Теперь в центре концепции народности Белинского не один конкретный народ, а динамика развития народов, определивших лицо мировой истории. Оценка национального момента подчинена этой динамике. Поскольку данный народ воплощает самые прогрессивные тенденции мировой истории (или, на языке идеалиста, представляет современную стадию развития всеобщего духа), он обладает высшей всеобъемлющей народностью. Яркость национальной печати данного народа находится в прямой зависимости от богатства исторического содержания его жизни. В связи с этим Белинский (особенно явственно уже за пределами интересующего нас периода, в конце 30-х гг.) повышает свою оценку реформ Петра I, которые, как считает критик, придвинули Россию к общеевропейской линии развития. Но соответственно чрезвычайно понижается и оценка допетровского периода русской истории, находящейся, по его мнению, ниже необходимого исторического уровня.
Легко почувствовать, что за "перестановкой акцентов" в проблеме народности - рост социальной и, я бы сказал, политической оппозиционности.
В эстетической оболочке ощущается горячее общественное чувство Белинского, негодующего против феодальной отсталости, неподвижности, защищающего идеи европеизации страны.
Эти настроения вообще стимулировали характерный для второй половины 20-х - начала 30-х годов переход от романтического типа народности к философскому (построенному на динамике развития идеи, то есть исторических стадий).
Однако Белинский пошел дальше этого взгляда.

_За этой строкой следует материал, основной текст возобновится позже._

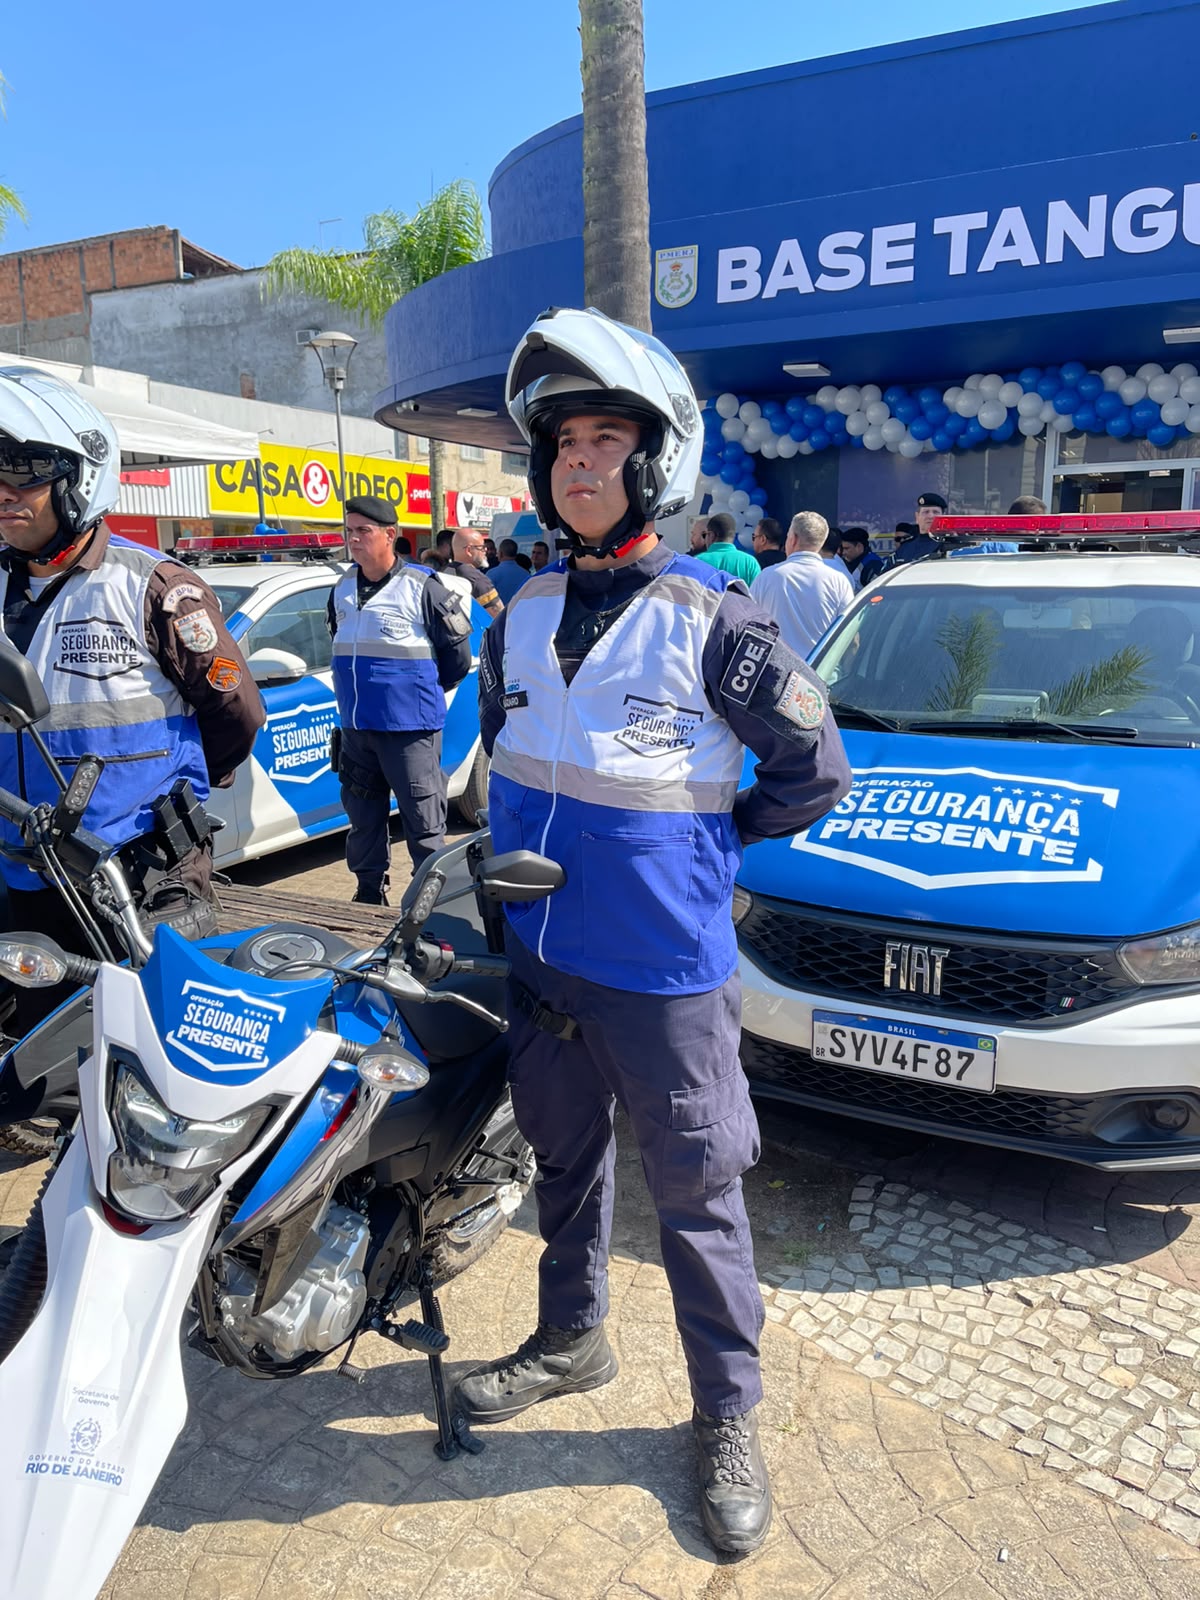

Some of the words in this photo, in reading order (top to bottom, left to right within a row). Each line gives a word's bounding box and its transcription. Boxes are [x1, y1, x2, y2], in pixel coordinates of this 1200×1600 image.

[717, 222, 916, 303] BASE
[933, 183, 1200, 276] TANG
[61, 634, 137, 654] SEGURANÇA
[61, 652, 137, 664] PRESENTE
[731, 642, 766, 692] COE
[271, 722, 297, 732] OPERAÇÃO
[622, 729, 688, 748] PRESENTE
[275, 745, 332, 771] PRESENT
[851, 780, 934, 788] OPERAÇÃO
[834, 789, 1080, 837] SEGURANÇA
[820, 818, 1077, 865] PRESENTE
[884, 941, 950, 995] FIAT
[190, 995, 224, 1008] OPERAÇÃO
[183, 1003, 270, 1043] SEGURANÇA
[888, 1025, 917, 1036] BRASIL
[177, 1024, 265, 1060] PRESENTE
[816, 1047, 826, 1057] BR
[829, 1028, 975, 1081] SYV4F87
[72, 1387, 109, 1400] Secretaria
[110, 1392, 119, 1401] de
[78, 1396, 110, 1408] Governo
[25, 1462, 50, 1474] RIO
[51, 1463, 71, 1475] DE
[72, 1466, 123, 1487] JANEIRO
[28, 1454, 75, 1464] GOVERNO
[79, 1458, 92, 1466] DO
[95, 1461, 126, 1475] ESTADO
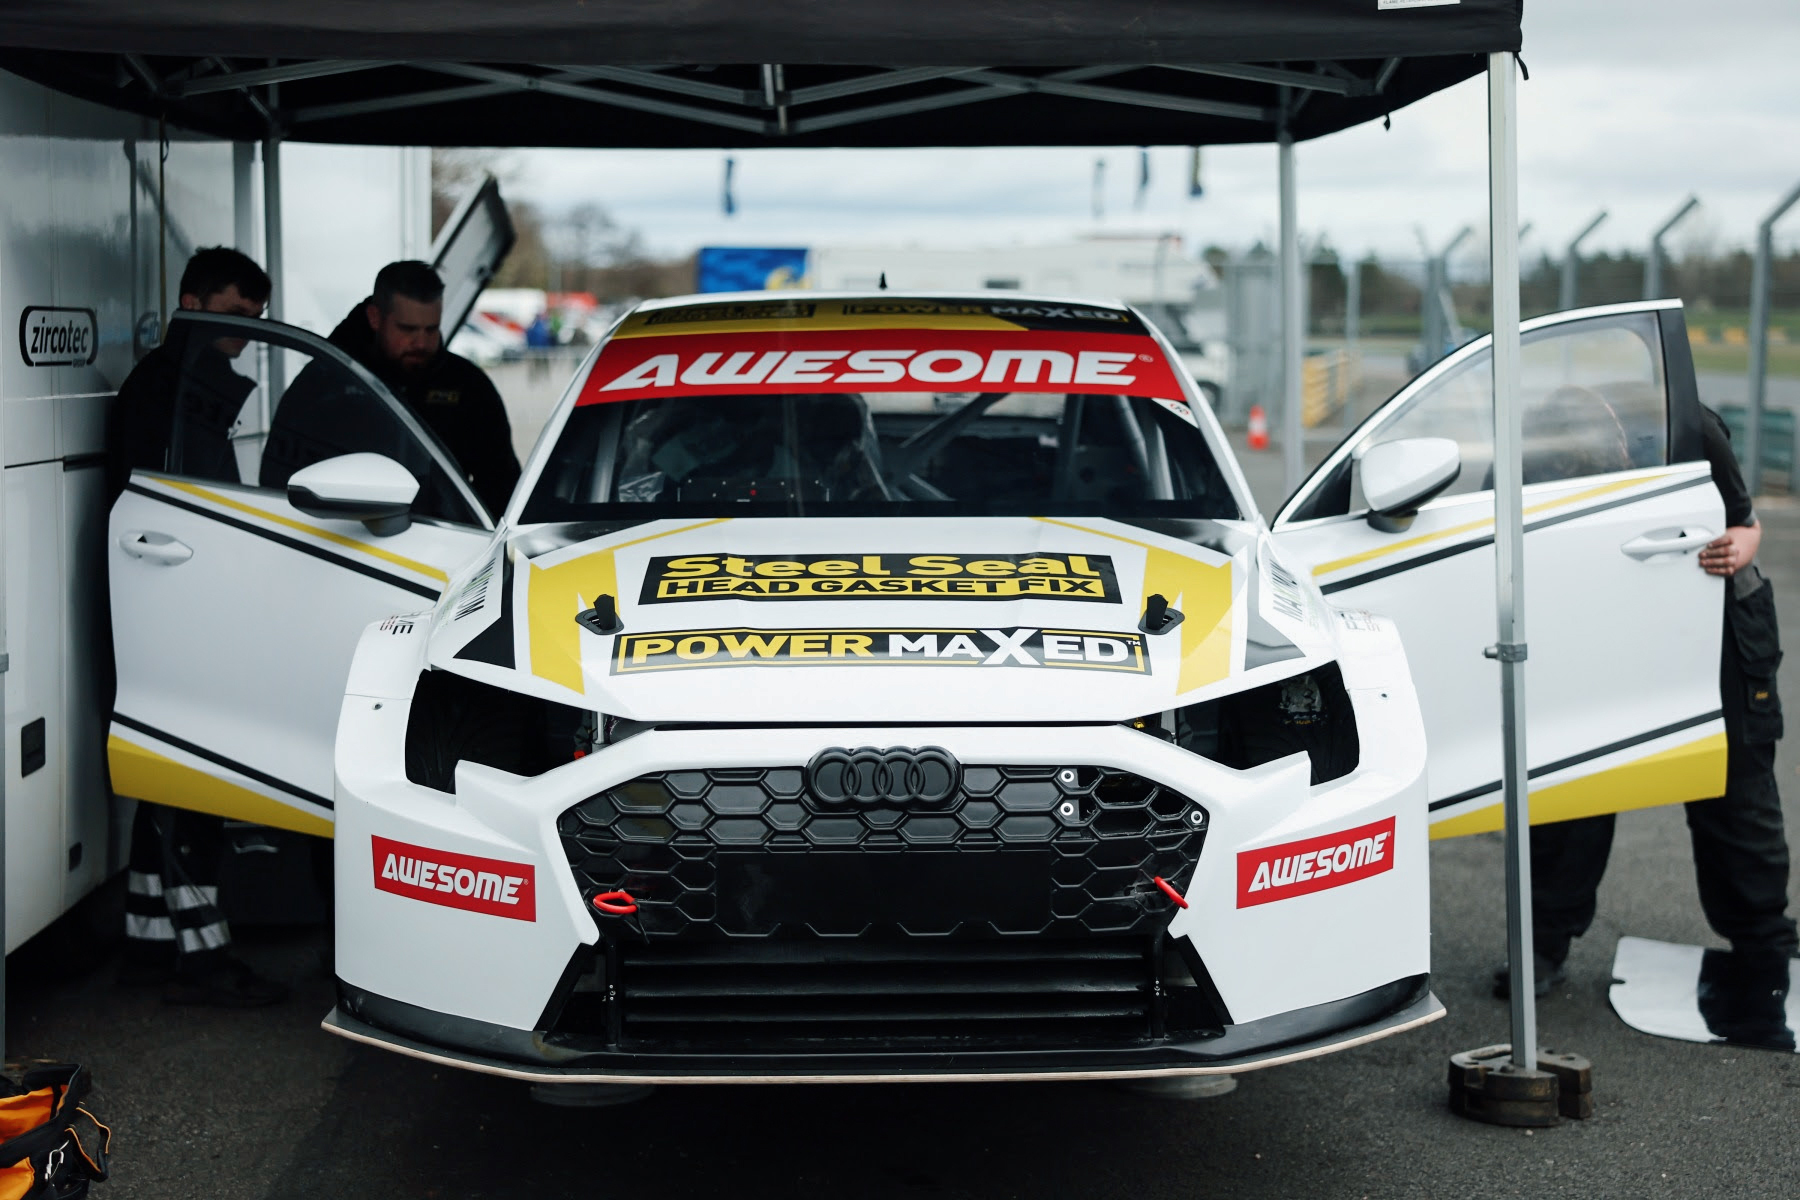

Оригинальность критика особенно видна в том месте статьи "Ничто о ничем...", где он включается в обсуждение проблемы народности вслед за Надеждиным. "Что такое народность в литературе? Отражение индивидуальности, характерности народа, выражение духа внутренней и внешней его жизни, со всеми ее типическими оттенками, красками и родимыми пятнами - не так ли?" Белинский привел общепринятое определение; незадолго перед тем его развивал Надеждин в статье "Европеизм и народность, в отношении к русской словесности" {См.: Надеждин, с. 440-441.}. Но следующее затем рассуждение в статье "Ничто о ничем..." звучит уже полемически ново: "Если так, то, мне кажется, нет нужды поставлять такой народности в обязанность истинному таланту, истинному поэту; она сама собой непременно должна проявляться в творческом создании".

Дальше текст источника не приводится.